_Activity:_ All lines in the records below from the line with "Some of the text" through the line with "this 2048×1151 image." are to be given again exactly, both ends included; the pictures are to be left out.

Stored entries
--------------------------------------------------

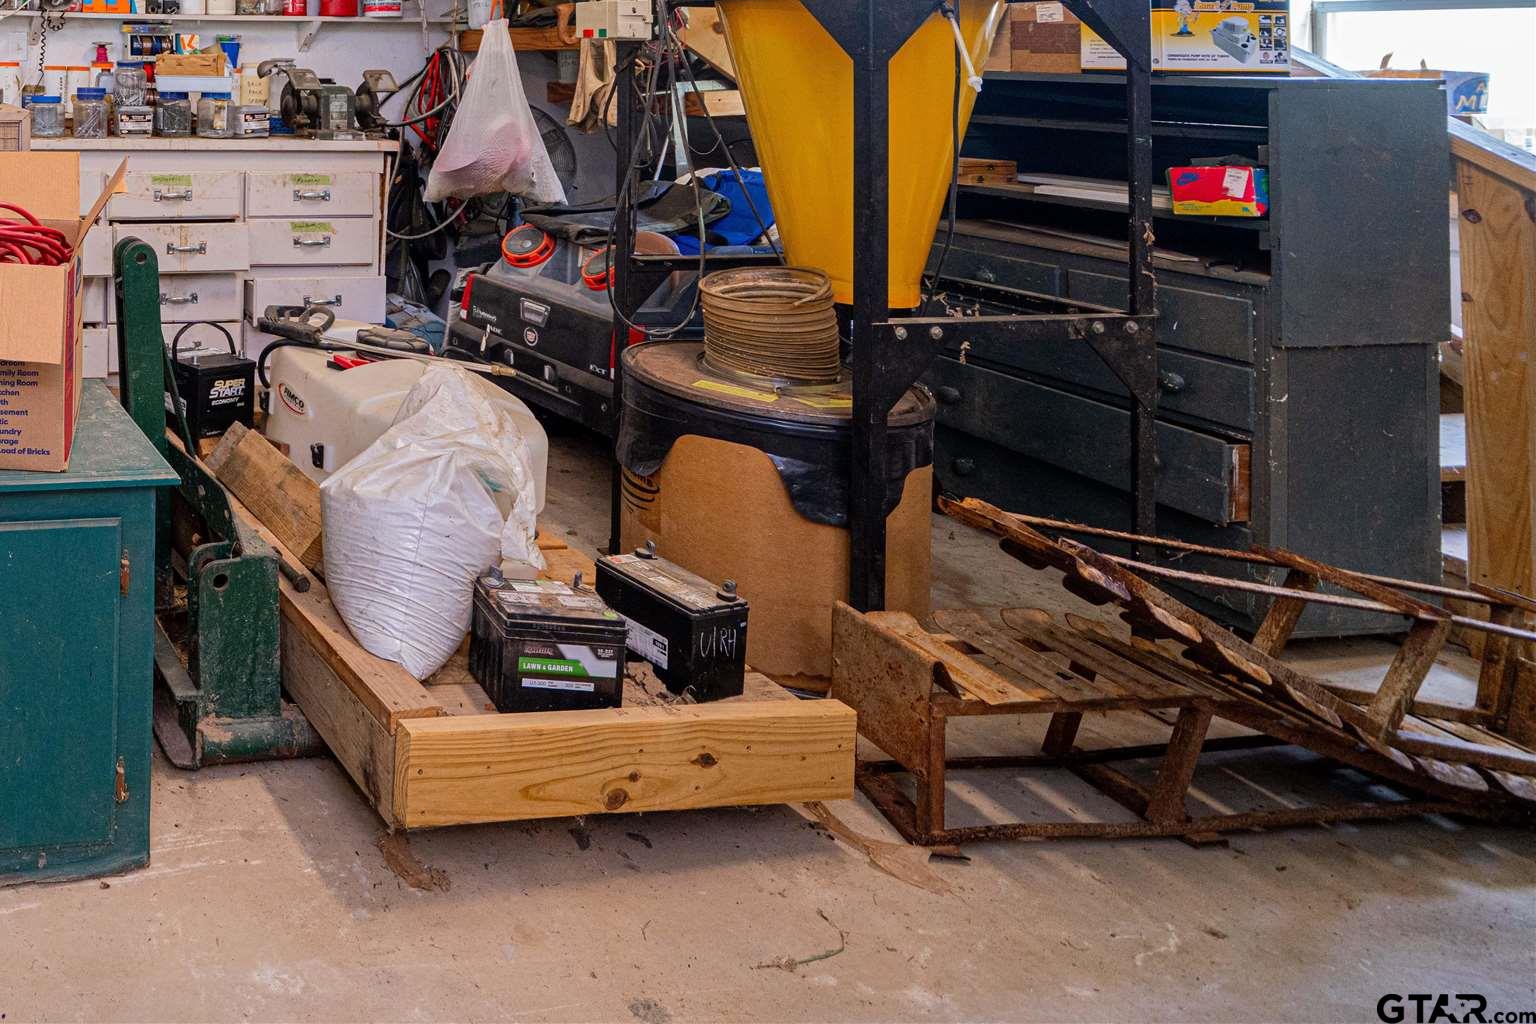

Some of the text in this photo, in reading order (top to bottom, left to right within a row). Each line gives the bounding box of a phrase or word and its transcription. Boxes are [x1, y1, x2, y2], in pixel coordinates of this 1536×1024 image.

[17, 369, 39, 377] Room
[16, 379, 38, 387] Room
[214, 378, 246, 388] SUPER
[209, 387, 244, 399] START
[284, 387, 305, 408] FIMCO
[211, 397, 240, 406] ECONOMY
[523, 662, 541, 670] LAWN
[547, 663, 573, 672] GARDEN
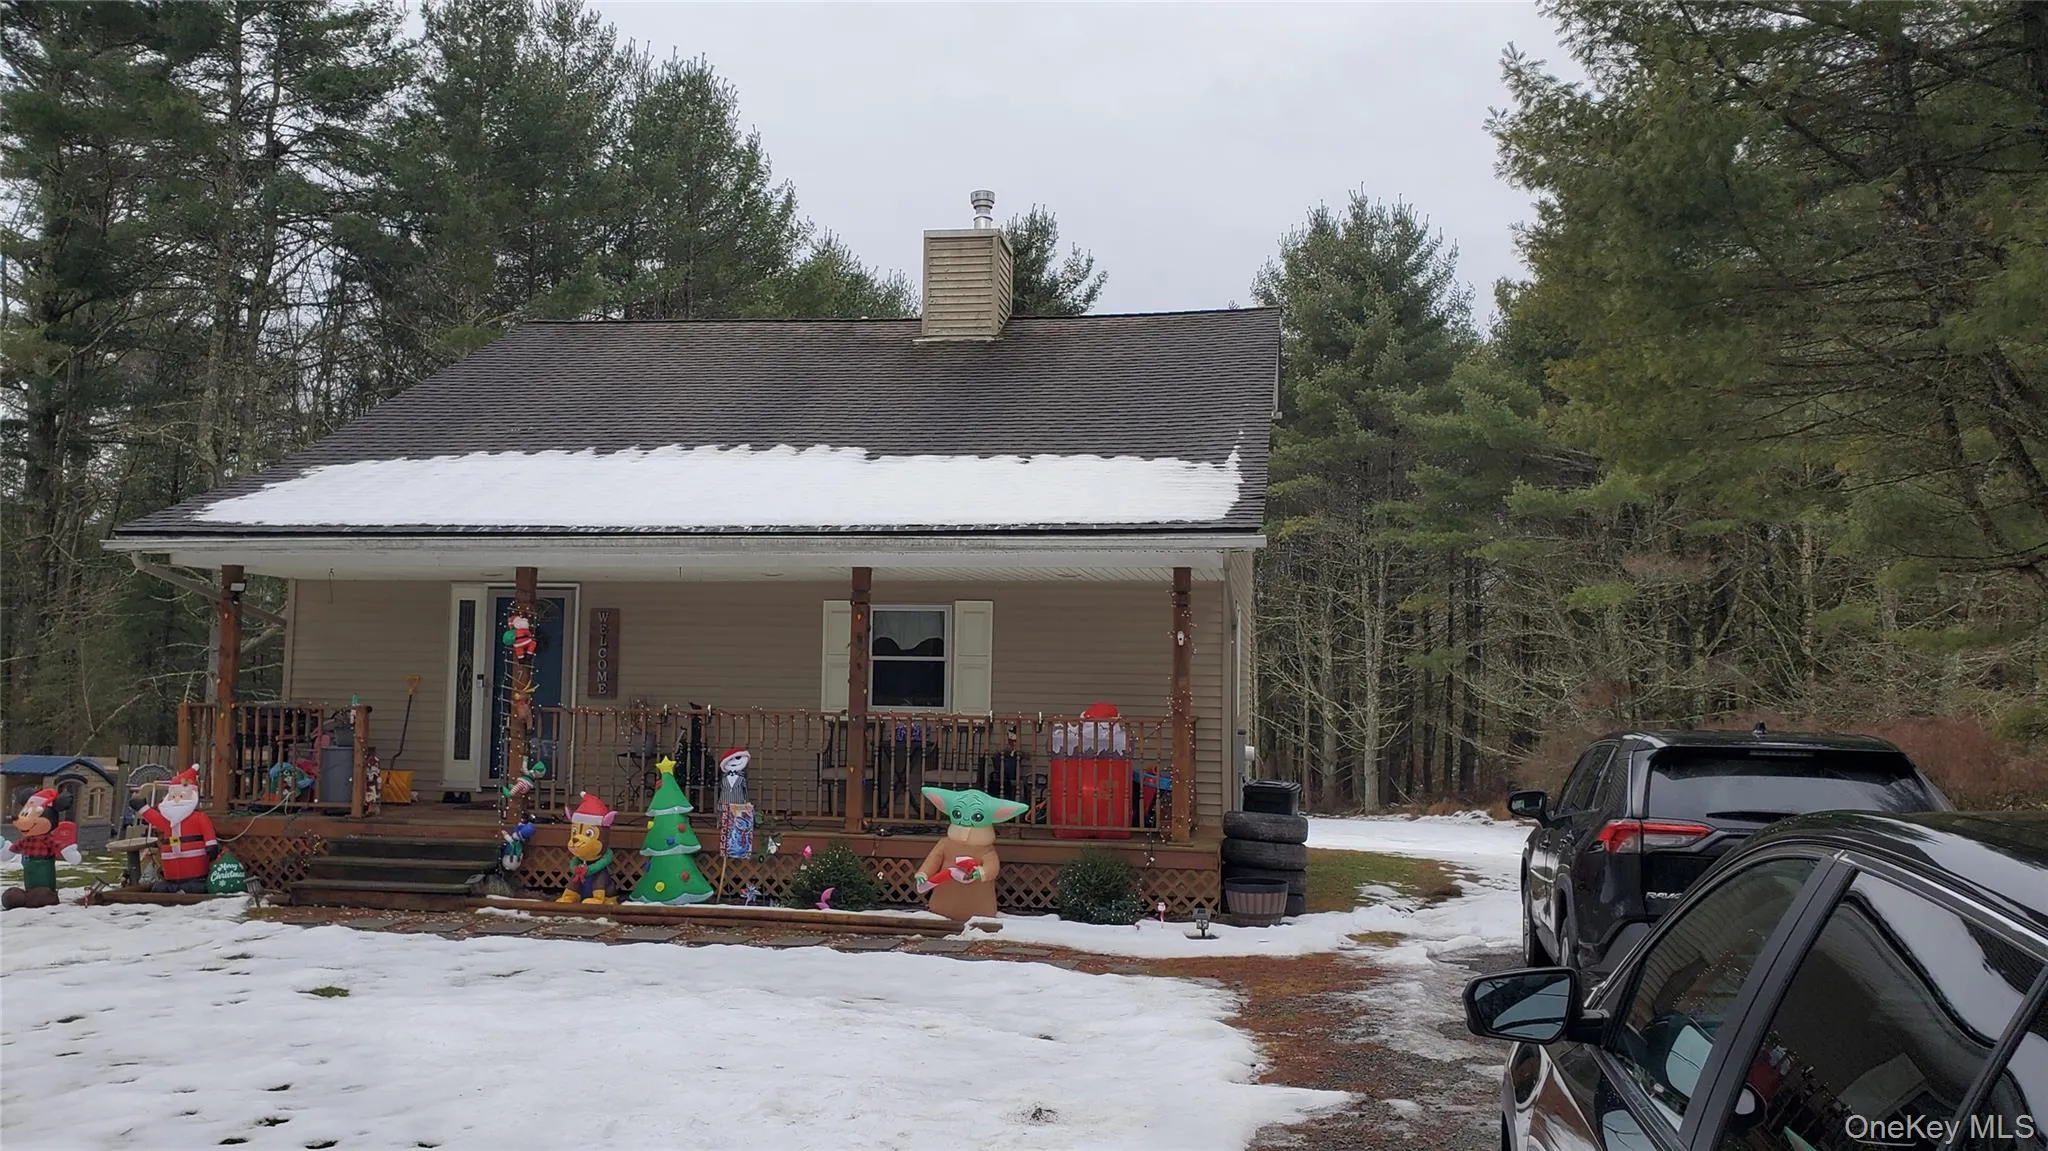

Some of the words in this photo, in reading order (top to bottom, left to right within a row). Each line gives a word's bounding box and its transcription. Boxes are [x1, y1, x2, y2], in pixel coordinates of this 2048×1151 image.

--------------------------------------------------

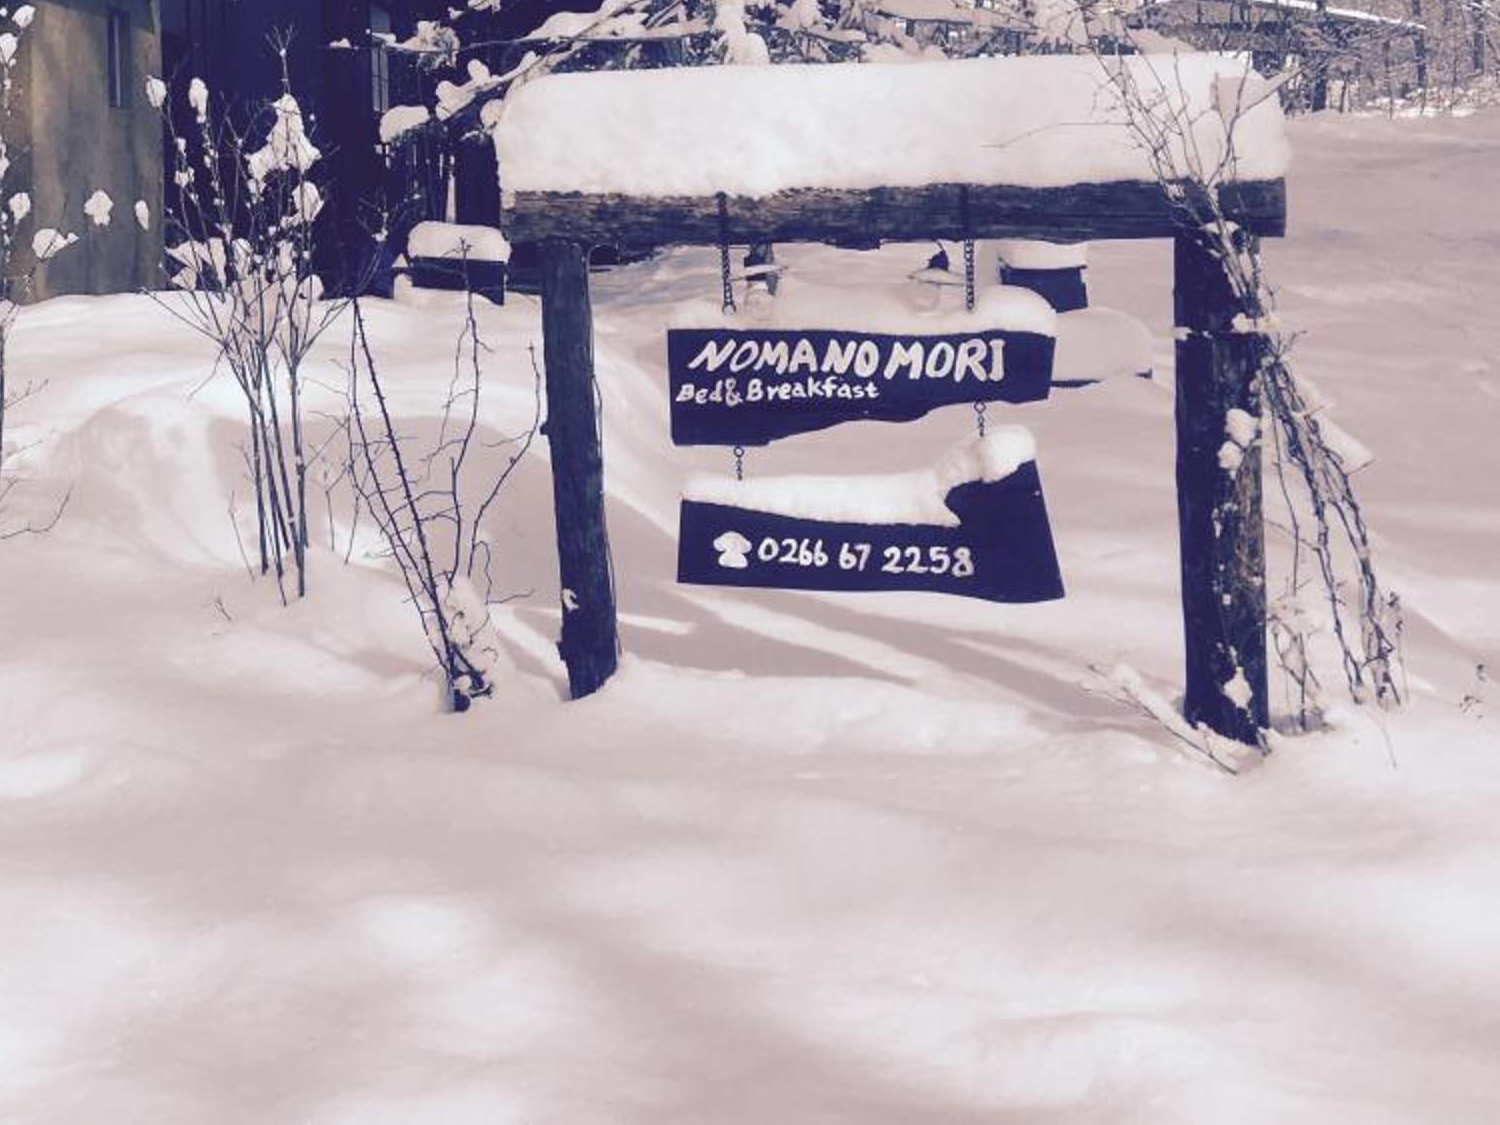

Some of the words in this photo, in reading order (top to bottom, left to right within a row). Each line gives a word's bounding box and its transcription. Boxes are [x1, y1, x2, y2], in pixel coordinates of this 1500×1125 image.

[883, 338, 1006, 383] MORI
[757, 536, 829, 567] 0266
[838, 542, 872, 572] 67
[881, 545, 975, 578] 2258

--------------------------------------------------

_Solved problem:_
Some of the text in this photo, in reading order (top to bottom, left to right within a row). Each line gives the bounding box of a phrase or word and its transcription. Boxes are [x1, y1, x2, y2], in pixel coordinates of this 1536×1024 image.

[17, 369, 39, 377] Room
[16, 379, 38, 387] Room
[214, 378, 246, 388] SUPER
[209, 387, 244, 399] START
[284, 387, 305, 408] FIMCO
[211, 397, 240, 406] ECONOMY
[523, 662, 541, 670] LAWN
[547, 663, 573, 672] GARDEN

Some of the words in this photo, in reading order (top to bottom, left to right within a row). Each line gives a word's bounding box and its transcription. Boxes are [x1, y1, x2, y2], in pixel coordinates of this 2048×1151 image.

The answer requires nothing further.